La consecuencia es que los partidarios del neoliberalismo apoyan una forma acotada de democracia republicana, cuyas restricciones pasan desapercibidas en muchos lugares por contraste con los bochornosos regímenes populistas que lo precedieron o lo amenazan. Así, la separación de poderes no es un dogma y resulta legítimo que un gobierno presione a la Justicia o designe a figuras de su mismo palo en agencias que deben controlar su gestión. Lo decisivo es no ceder posiciones adquiridas que se estiman cruciales. Por eso es habitual que se multipliquen las auditorías a la burocracia o que gran parte de sus tareas se tercericen para dejarlas en manos de sectores adictos.
Impugnar la concentración de la riqueza es ajeno al credo neoliberal.

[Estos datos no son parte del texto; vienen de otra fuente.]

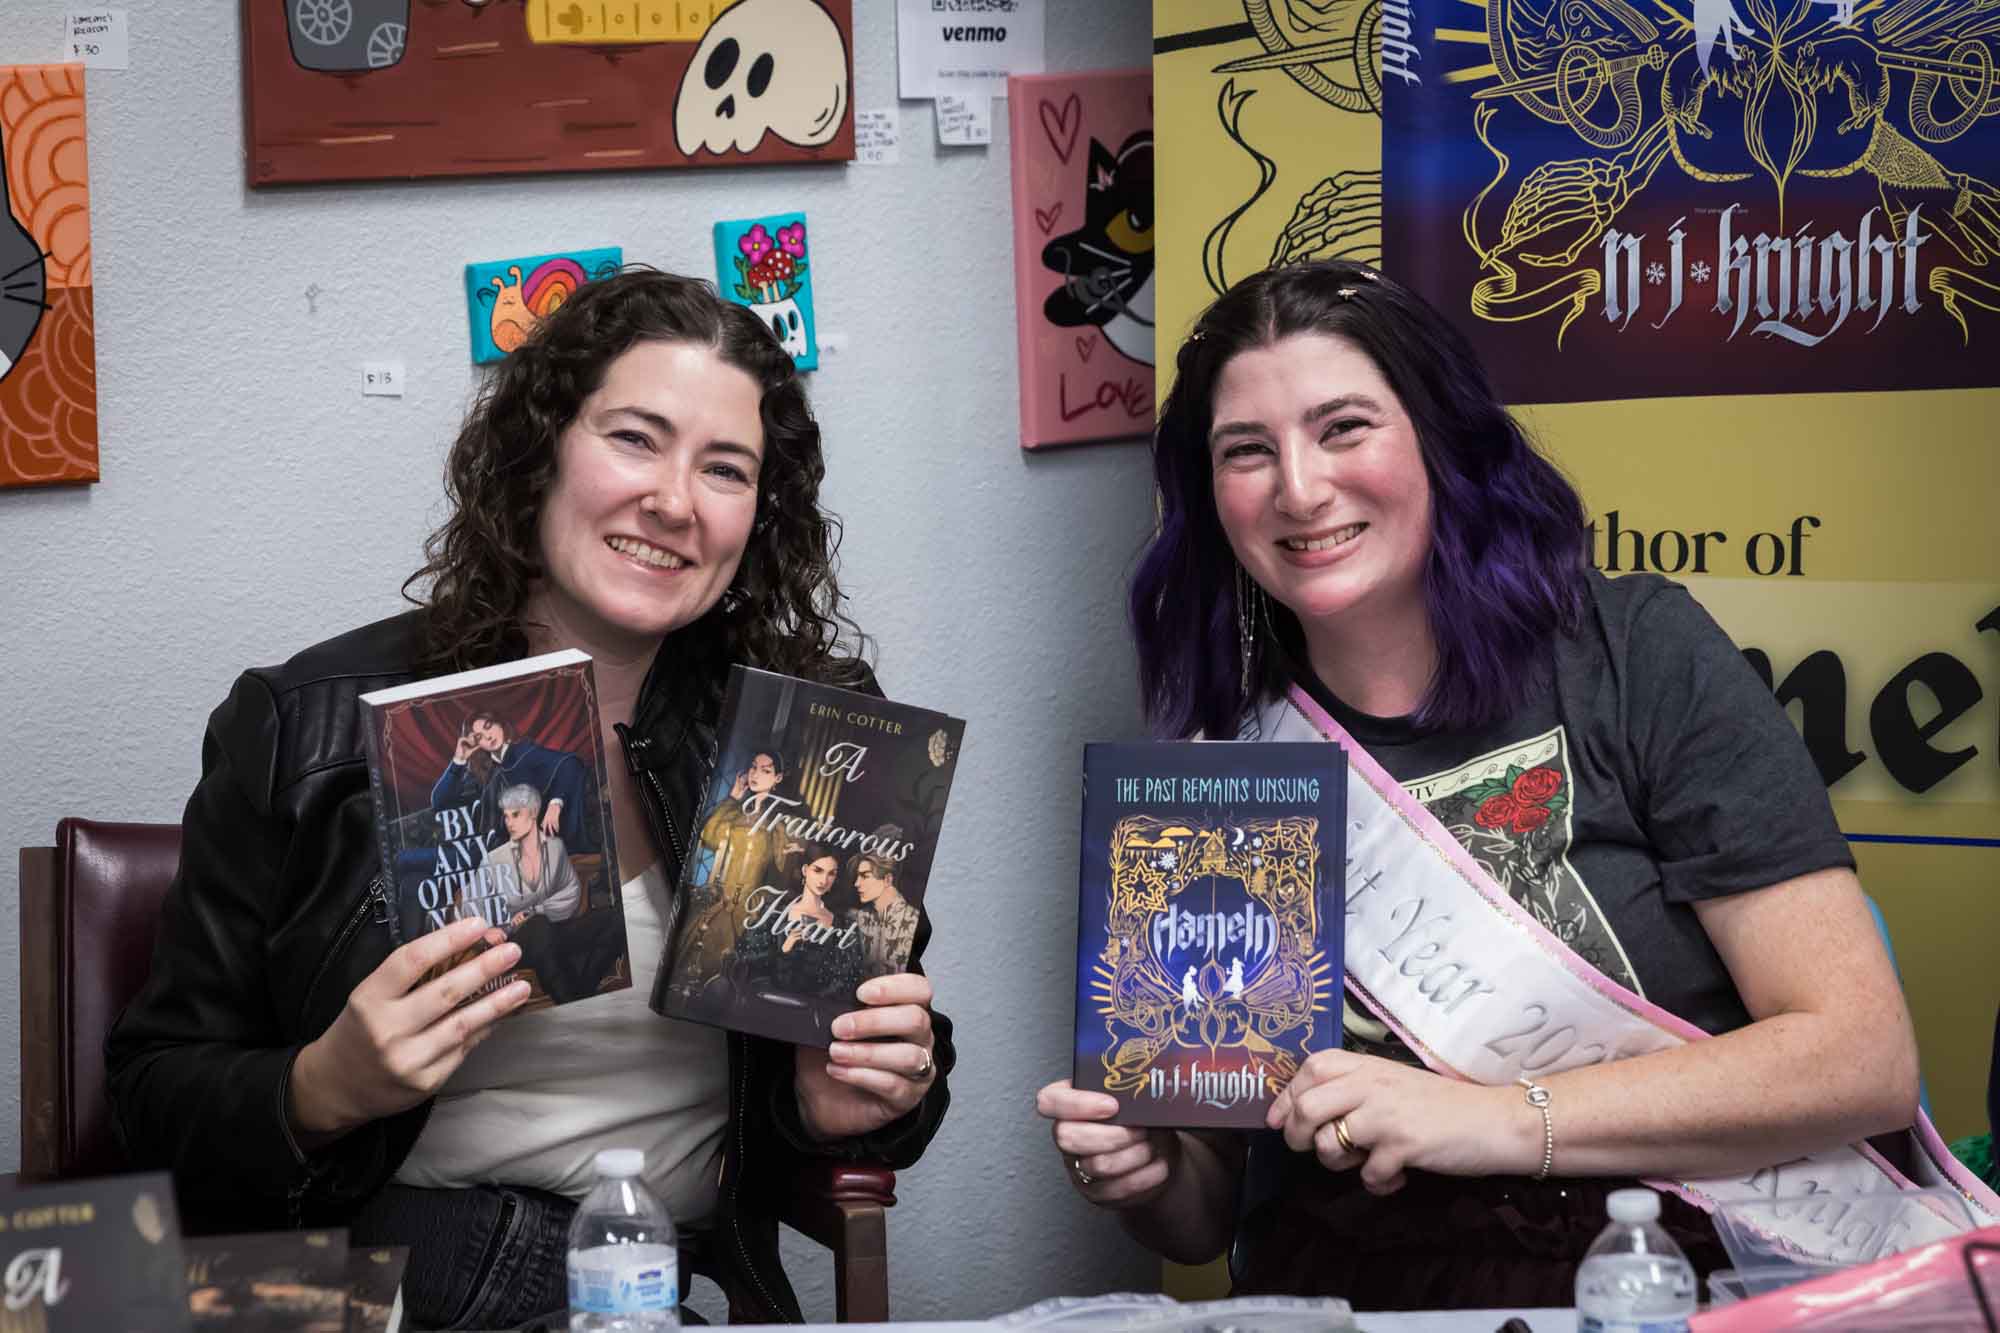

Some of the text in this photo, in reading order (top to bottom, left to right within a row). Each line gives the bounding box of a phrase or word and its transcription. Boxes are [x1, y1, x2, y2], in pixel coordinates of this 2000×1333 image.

Por el contrario, se la juzga un factor de progreso en la medida en que una ciudadanía ambiciosa e imbuida de una racionalidad neoclásica se empeñará en emular a los que más tienen. A su vez, la igualdad económica no se considera un valor, sino un reclamo propio de los perdedores, que esgrimen argumentos perimidos. De ahí que la redistribución progresiva del ingreso nunca aparezca como una alternativa válida, aun en situaciones de crisis. Sí, en cambio, el endeudamiento y la máxima apertura posible de la economía, para que fluya libre mente el capital y lleguen las inversiones, en un mundo globalizado que tutelan organismos internacionales afines.
Cierro este rápido esbozo planteando un problema y adelantándome a una pregunta. El problema es que el neoliberalismo como tal (a semejanza de su archirrival, el populismo) ha fracasado en todo el mundo, salvo que se confunda un crecimiento episódico y excluyente con el desarrollo social sustentable y equitativo. Por eso, sobran ejemplos de que los políticos neoliberales en el poder se vuelven tenaces promotores de la esperanza: estamos mal, pero vamos bien.
La pregunta previsible es si acaso nuestro gobierno es neoliberal. Creo que muchos de sus funcionarios y seguidores no lo son, pero que torna hegemónico al conjunto un núcleo duro encabezado por el Presidente, que, por lo que llevo dicho, sí lo es. Aunque la lamentable situación heredada los obligue a ser flexibles y a que su neoliberalismo sea menos un fruto del conocimiento teórico que de un sentido común largamente aprendido.